## EXERCISE DIRECTIONS
Pictures aside, write out the data exactly as it reads.

## Referring expression grounding data
————————

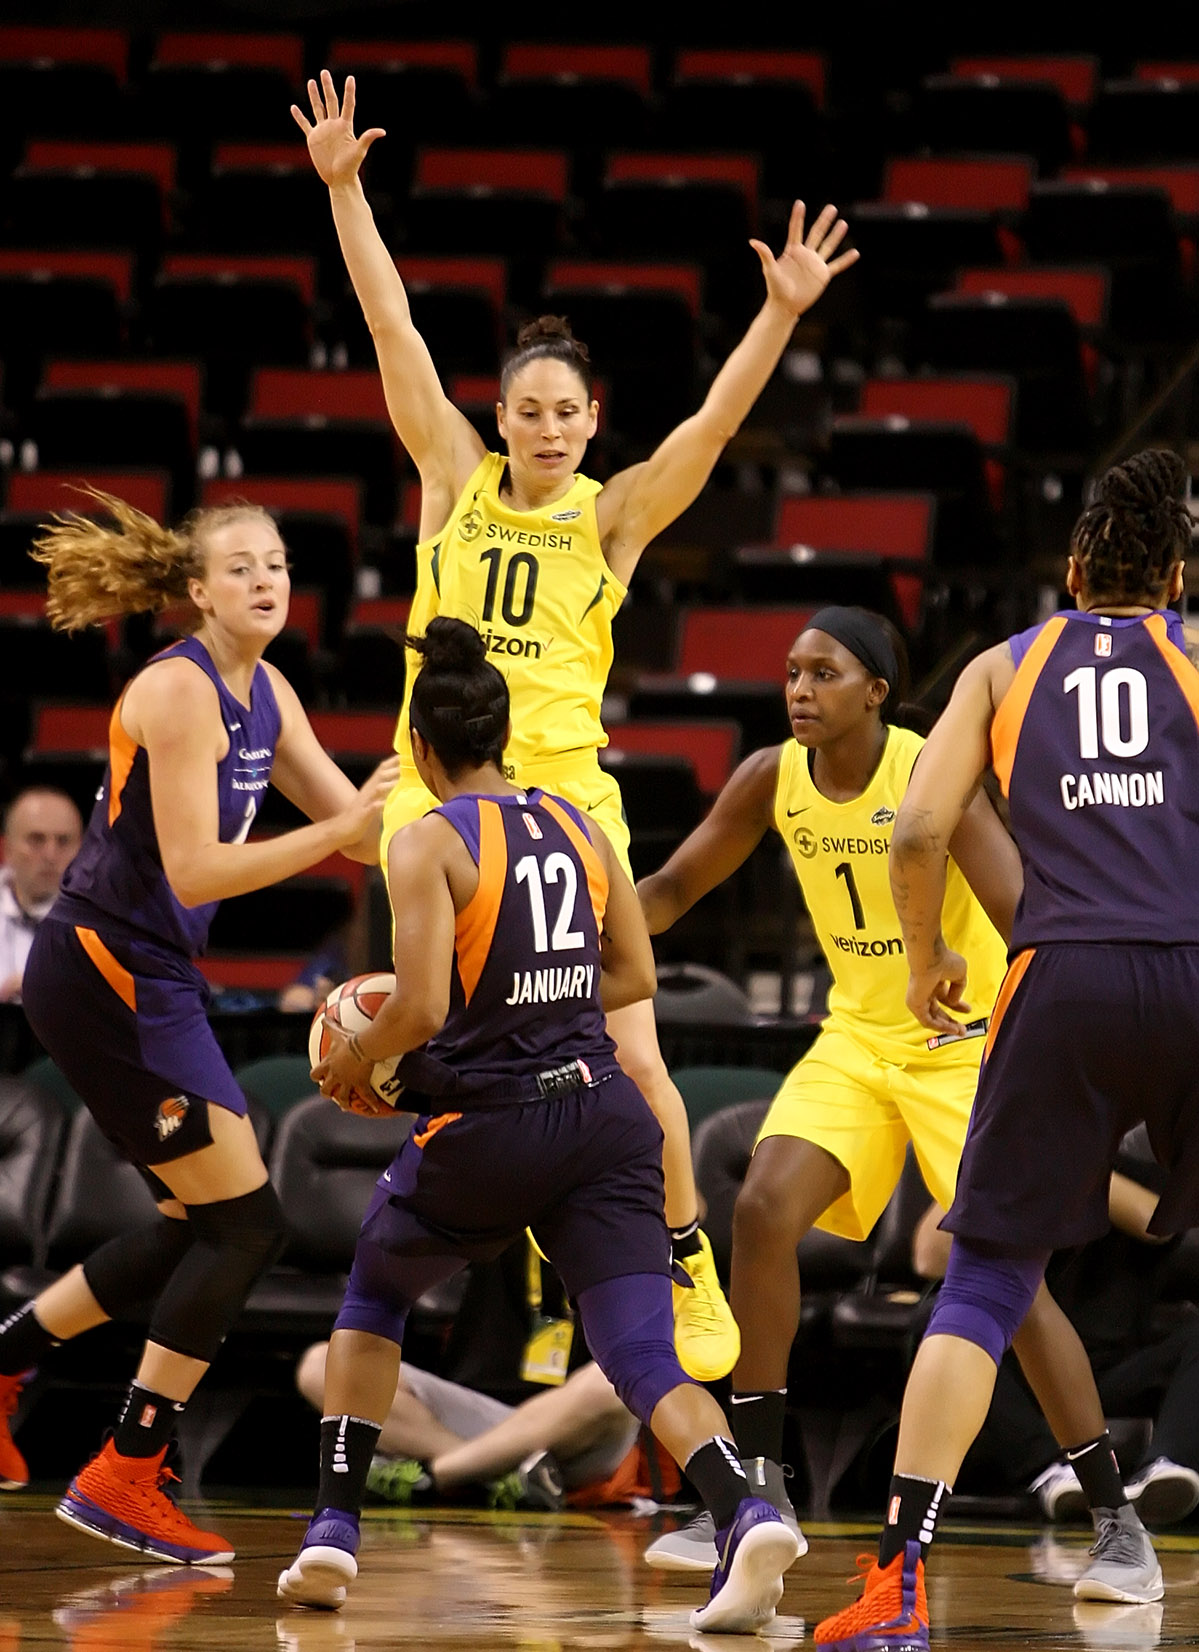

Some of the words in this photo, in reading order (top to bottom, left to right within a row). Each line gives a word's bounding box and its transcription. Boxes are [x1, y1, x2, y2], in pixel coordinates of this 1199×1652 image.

[486, 524, 572, 550] SWEDISH
[480, 547, 539, 627] 10
[480, 628, 541, 659] izon
[1063, 666, 1149, 759] 10
[1060, 771, 1164, 810] CANNON
[515, 852, 585, 953] 12
[835, 862, 866, 930] 1
[830, 933, 904, 957] verizon
[505, 964, 594, 1006] JANUARY
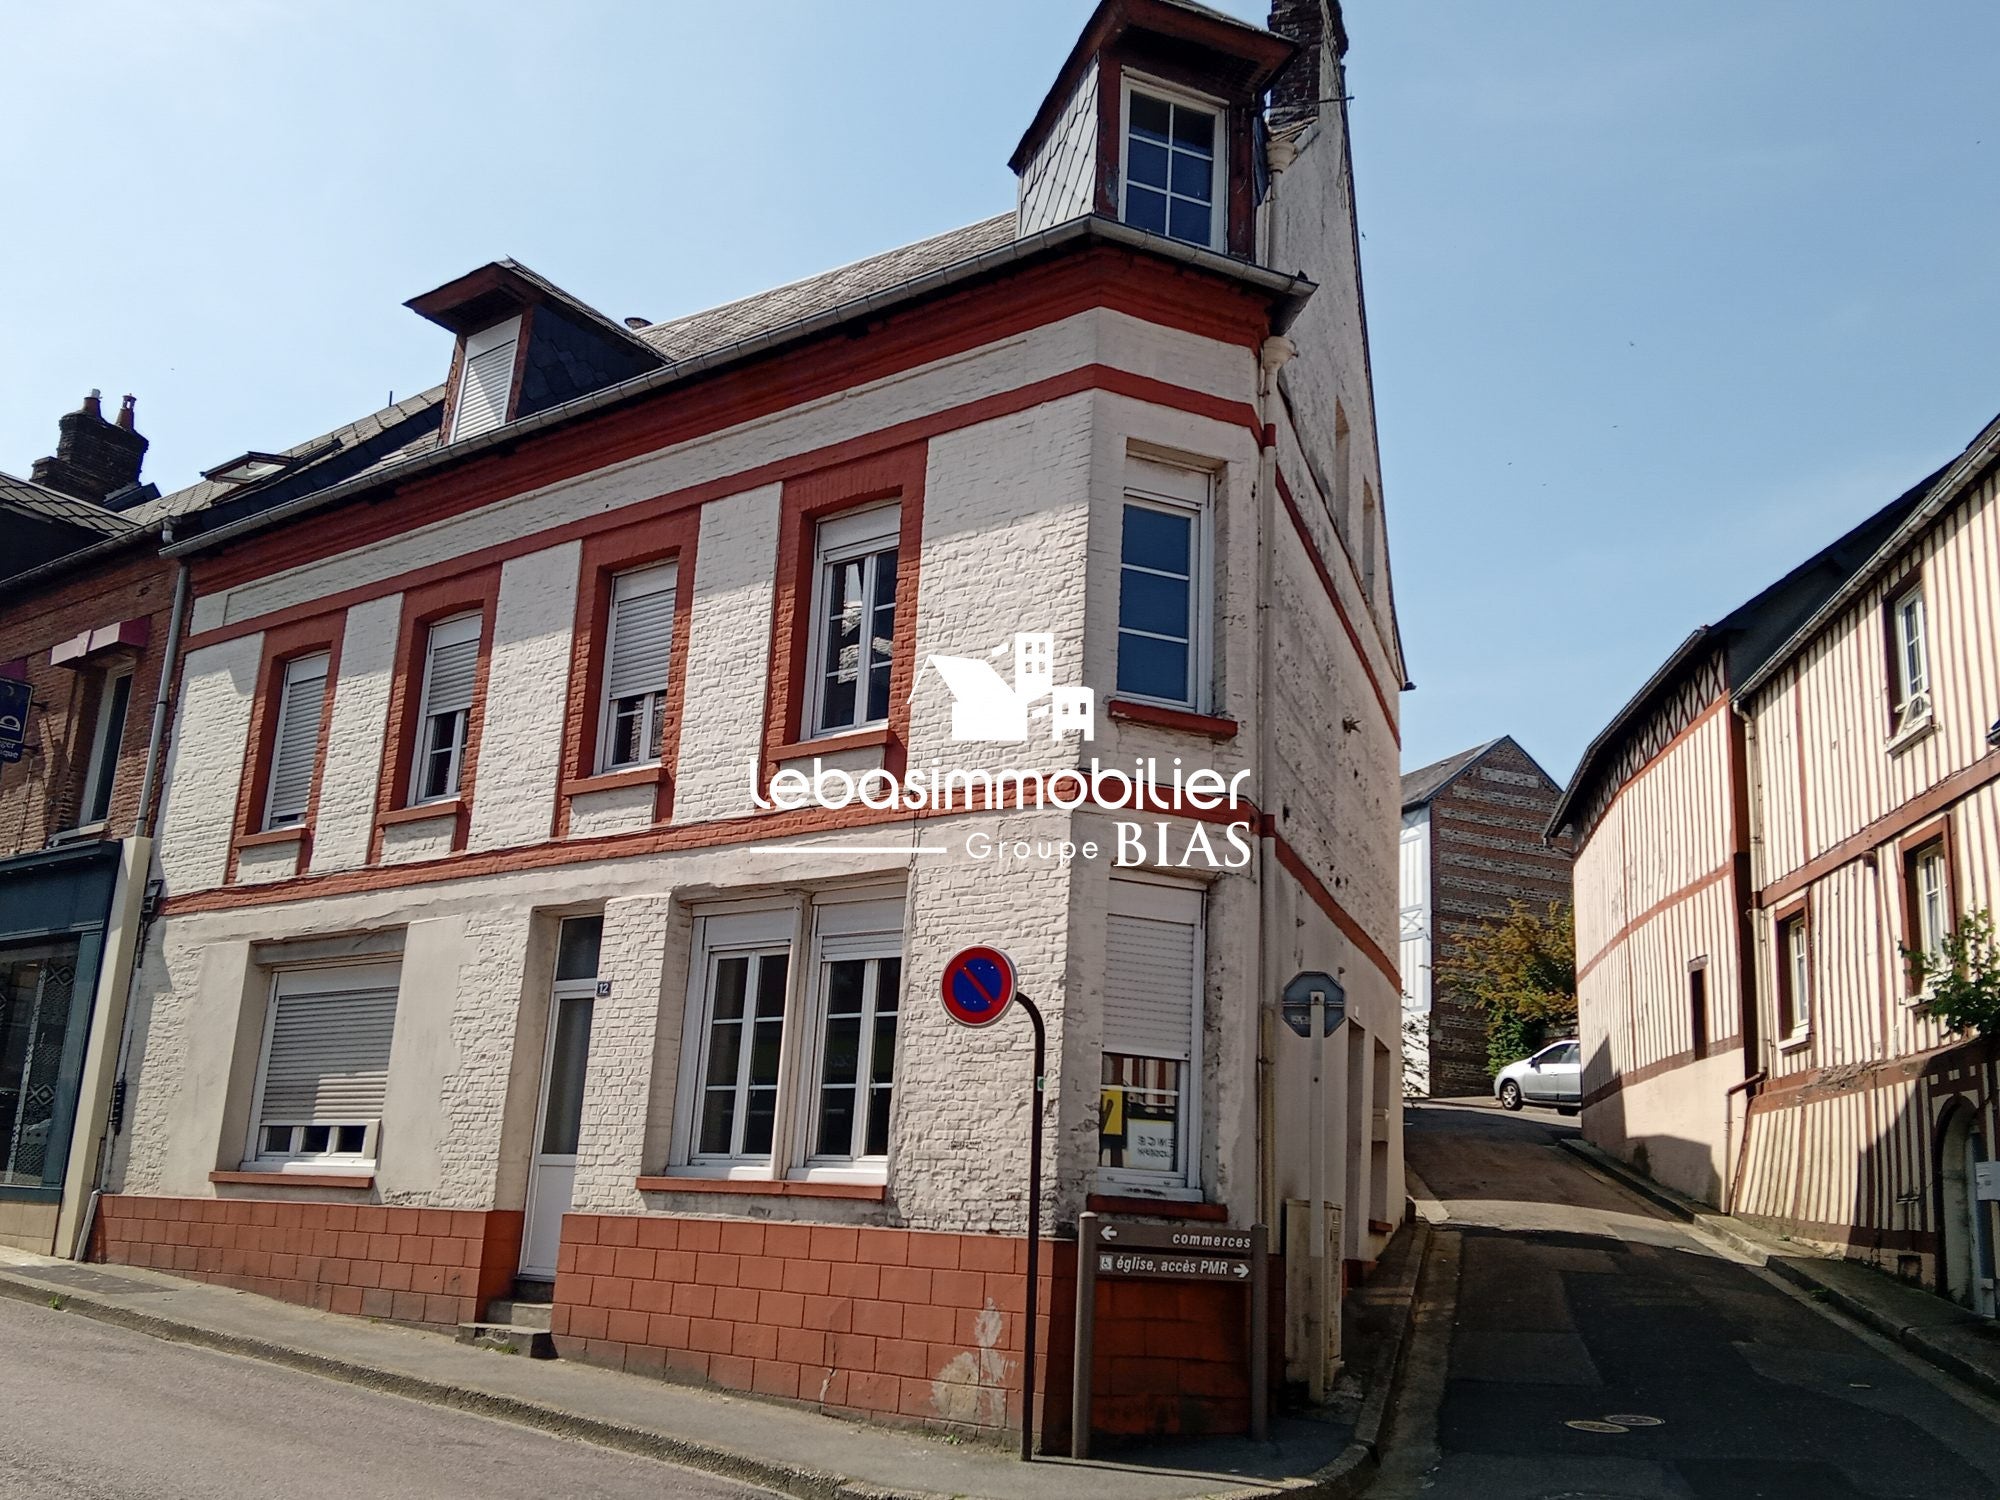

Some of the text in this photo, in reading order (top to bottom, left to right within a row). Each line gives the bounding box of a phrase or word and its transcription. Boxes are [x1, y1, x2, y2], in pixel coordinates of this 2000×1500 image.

————————

## EXERCISE ANSWER
Some of the words in this photo, in reading order (top to bottom, left to right within a row). Each line gives a word's bounding box and its transcription. Boxes are [x1, y1, x2, y2], in pixel coordinates of this 1199×1652 image.

[486, 524, 572, 550] SWEDISH
[480, 547, 539, 627] 10
[480, 628, 541, 659] izon
[1063, 666, 1149, 759] 10
[1060, 771, 1164, 810] CANNON
[515, 852, 585, 953] 12
[835, 862, 866, 930] 1
[830, 933, 904, 957] verizon
[505, 964, 594, 1006] JANUARY

Some of the text in this photo, in reading order (top to bottom, left to right within a row). Each line gives the bounding box of a phrase or word and its transcription. Boxes are [x1, y1, x2, y2], in pixel coordinates of this 2000×1500 image.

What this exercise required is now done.